Records for processing.

--------------------------------------------------

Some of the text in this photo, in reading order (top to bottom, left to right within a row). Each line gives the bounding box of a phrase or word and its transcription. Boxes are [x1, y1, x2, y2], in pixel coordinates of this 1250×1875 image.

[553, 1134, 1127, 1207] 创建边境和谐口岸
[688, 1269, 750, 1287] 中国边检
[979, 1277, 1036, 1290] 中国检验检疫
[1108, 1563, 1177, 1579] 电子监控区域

--------------------------------------------------

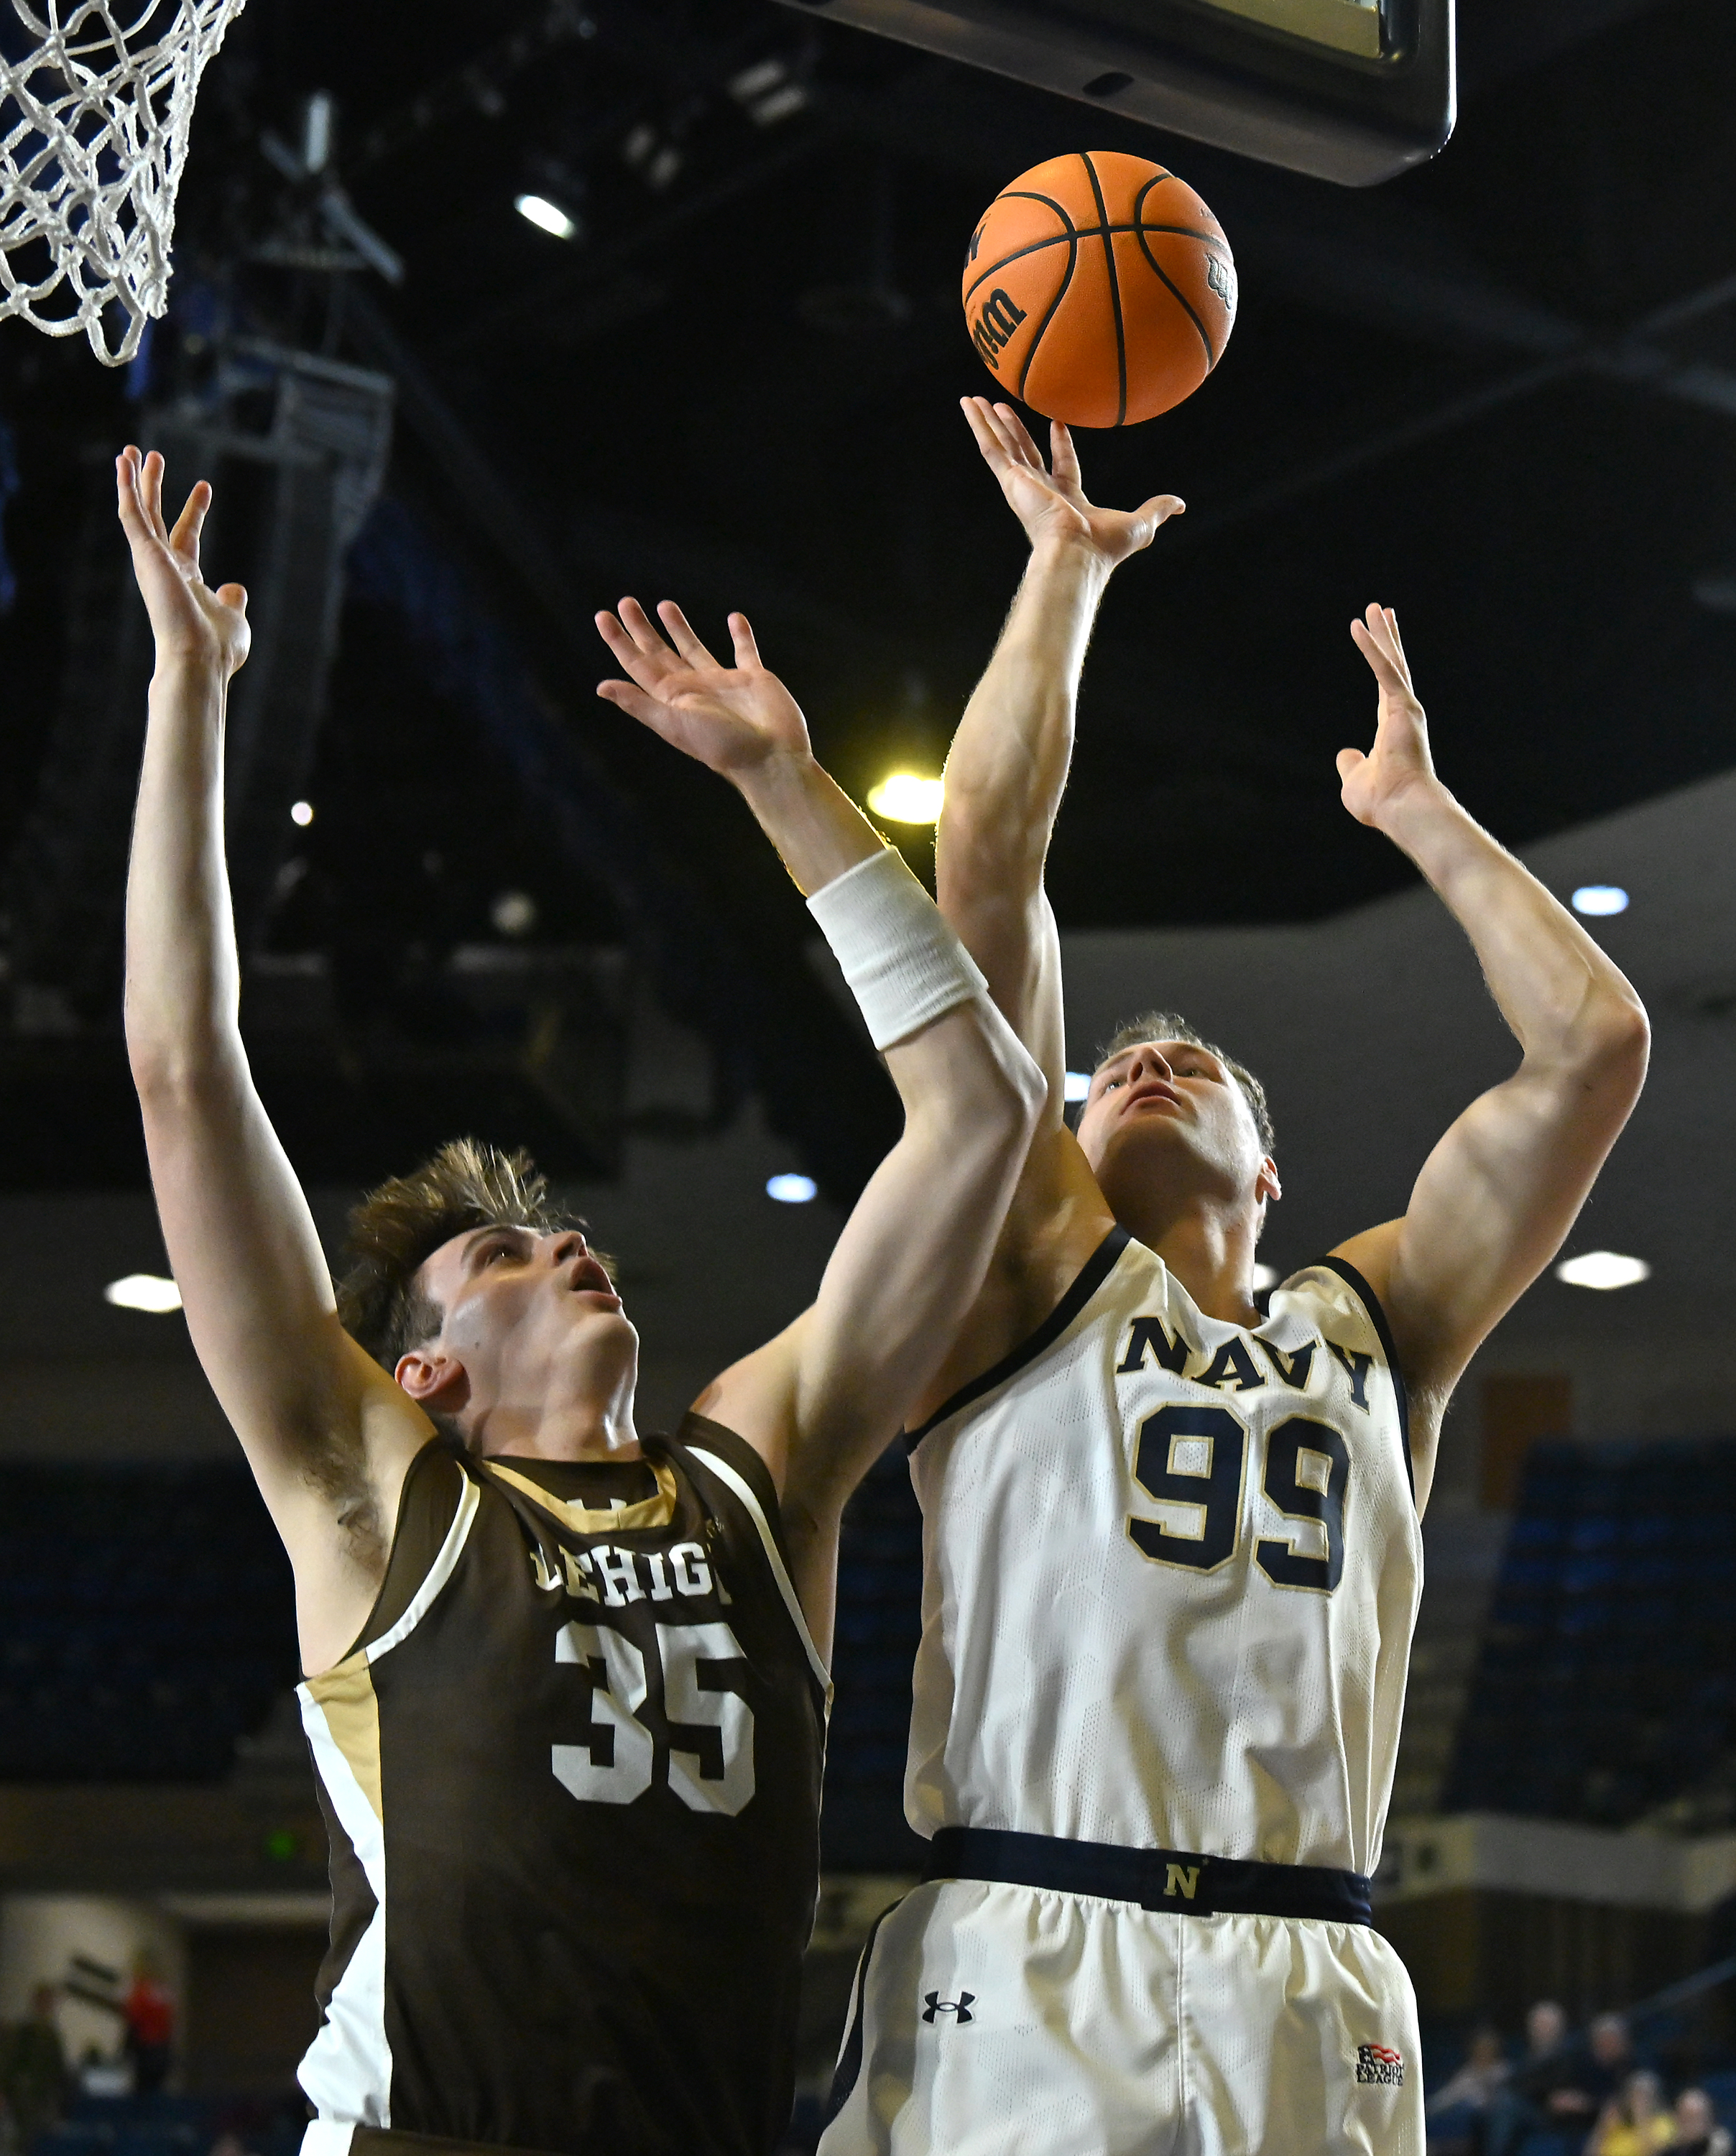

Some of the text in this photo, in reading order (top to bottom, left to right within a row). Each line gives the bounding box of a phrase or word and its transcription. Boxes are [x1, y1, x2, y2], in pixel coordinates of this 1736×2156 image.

--------------------------------------------------

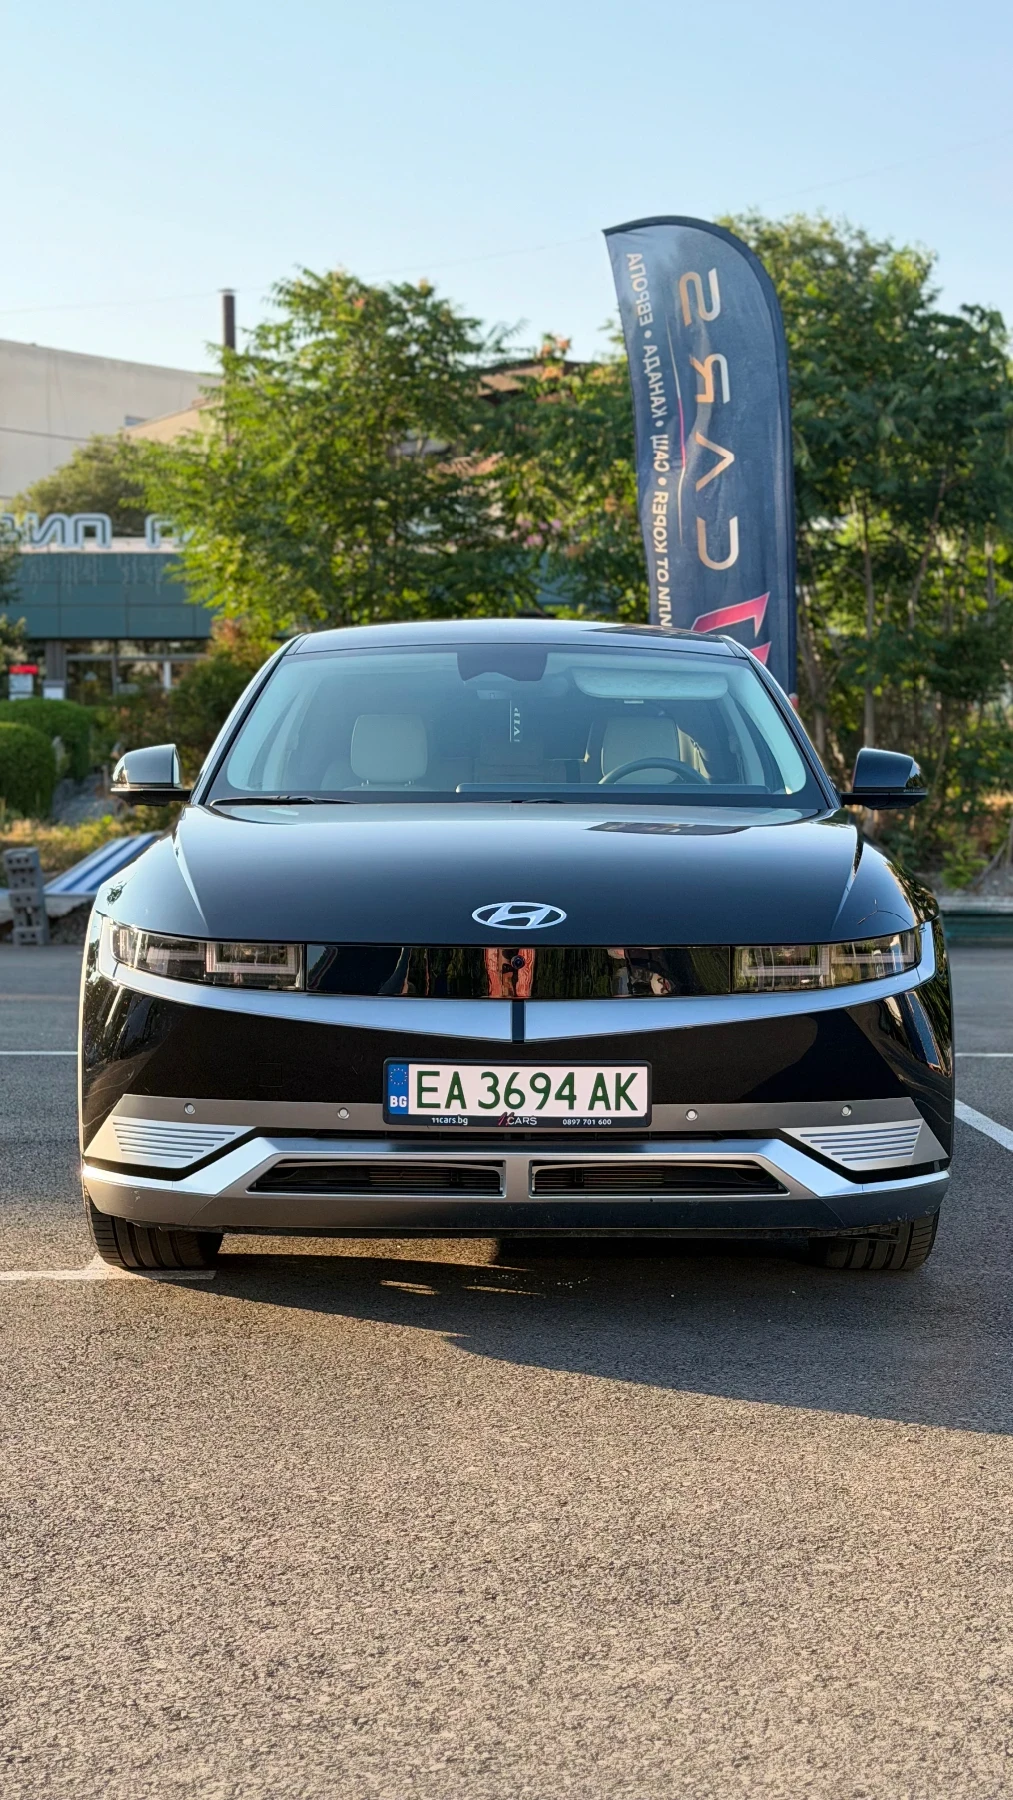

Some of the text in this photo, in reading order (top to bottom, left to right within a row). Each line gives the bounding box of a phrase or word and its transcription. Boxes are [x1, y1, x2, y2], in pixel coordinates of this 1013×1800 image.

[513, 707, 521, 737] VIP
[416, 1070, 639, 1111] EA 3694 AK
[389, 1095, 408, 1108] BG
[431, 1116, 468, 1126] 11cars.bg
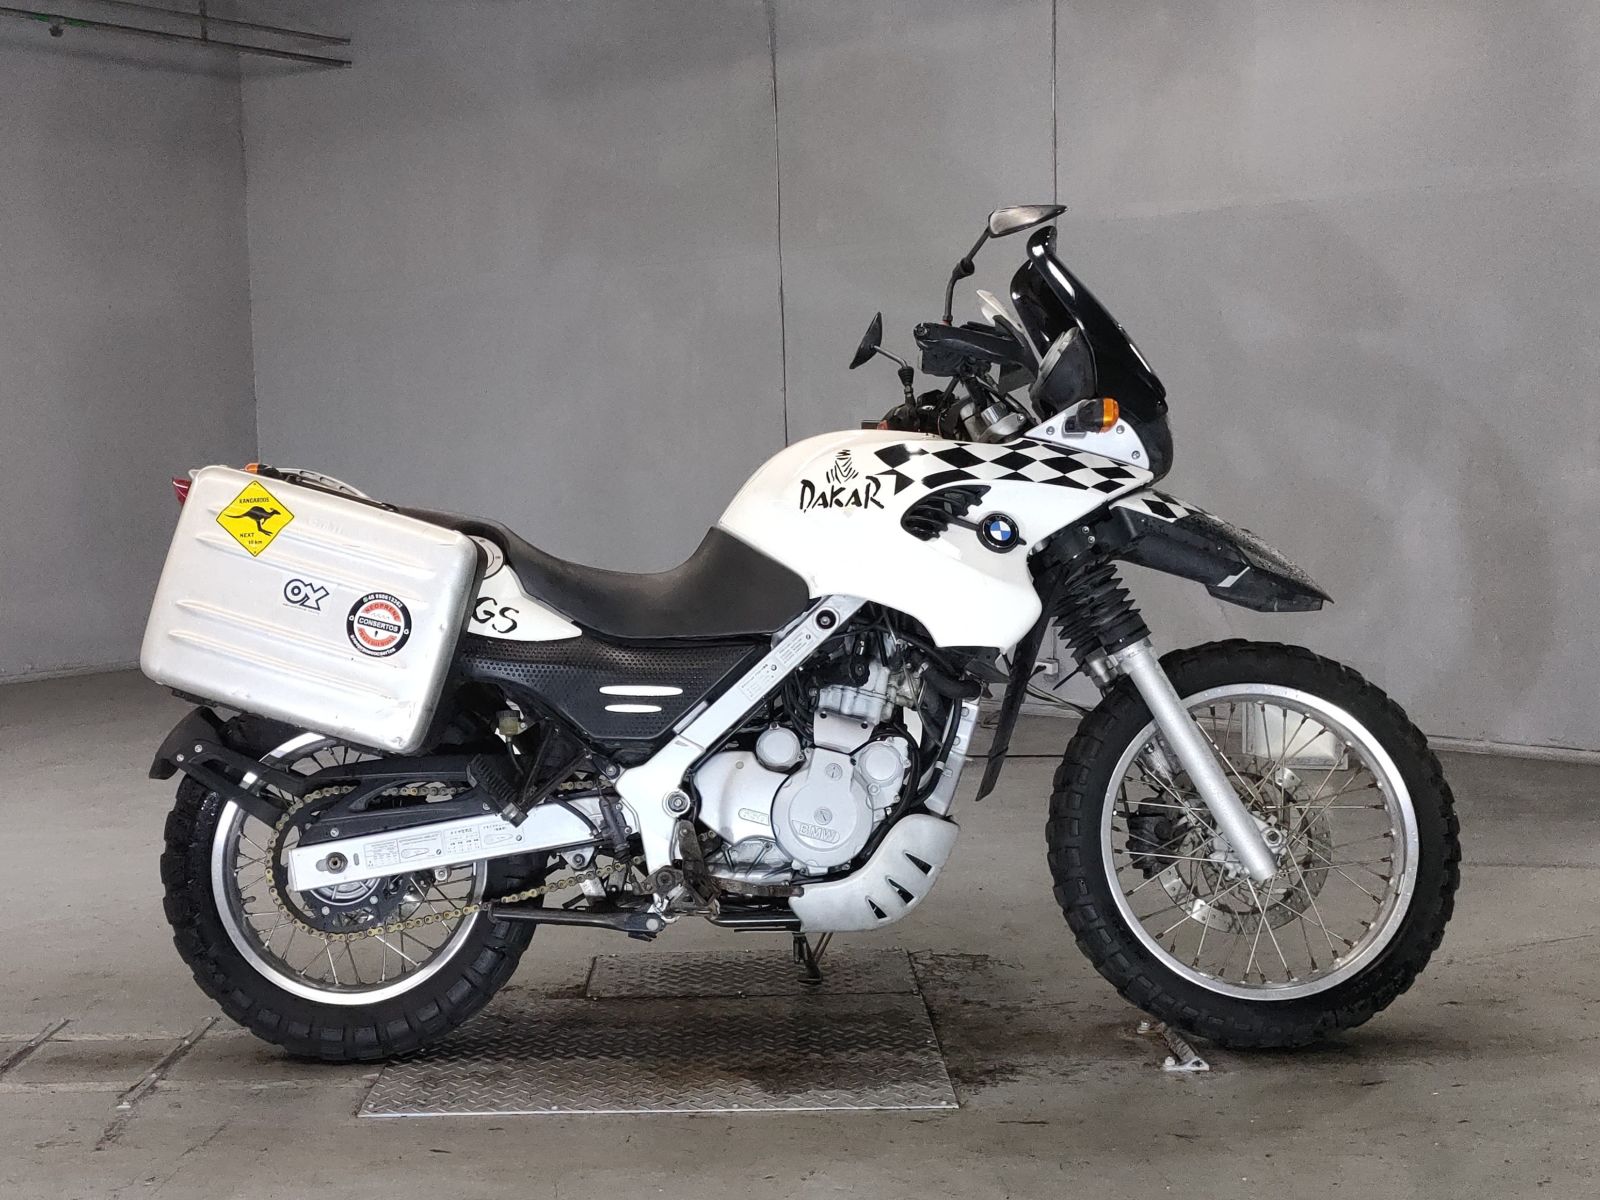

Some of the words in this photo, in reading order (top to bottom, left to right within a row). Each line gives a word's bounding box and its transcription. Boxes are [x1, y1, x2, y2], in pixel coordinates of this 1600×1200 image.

--------------------------------------------------

To do.
All lines above starting at the one with "this 1013×1800 image." and ending at the one with "Some of the words", inclusive, are to be printed again exactly, with the pictures left out.

Answer area.
Some of the text in this photo, in reading order (top to bottom, left to right within a row). Each line gives the bounding box of a phrase or word and its transcription. Boxes are [x1, y1, x2, y2], in pixel coordinates of this 1013×1800 image.

[513, 707, 521, 737] VIP
[416, 1070, 639, 1111] EA 3694 AK
[389, 1095, 408, 1108] BG
[431, 1116, 468, 1126] 11cars.bg

Some of the words in this photo, in reading order (top to bottom, left to right within a row). Each line gives a word's bounding box and its transcription. Boxes are [x1, y1, x2, y2], in pixel coordinates of this 1600×1200 image.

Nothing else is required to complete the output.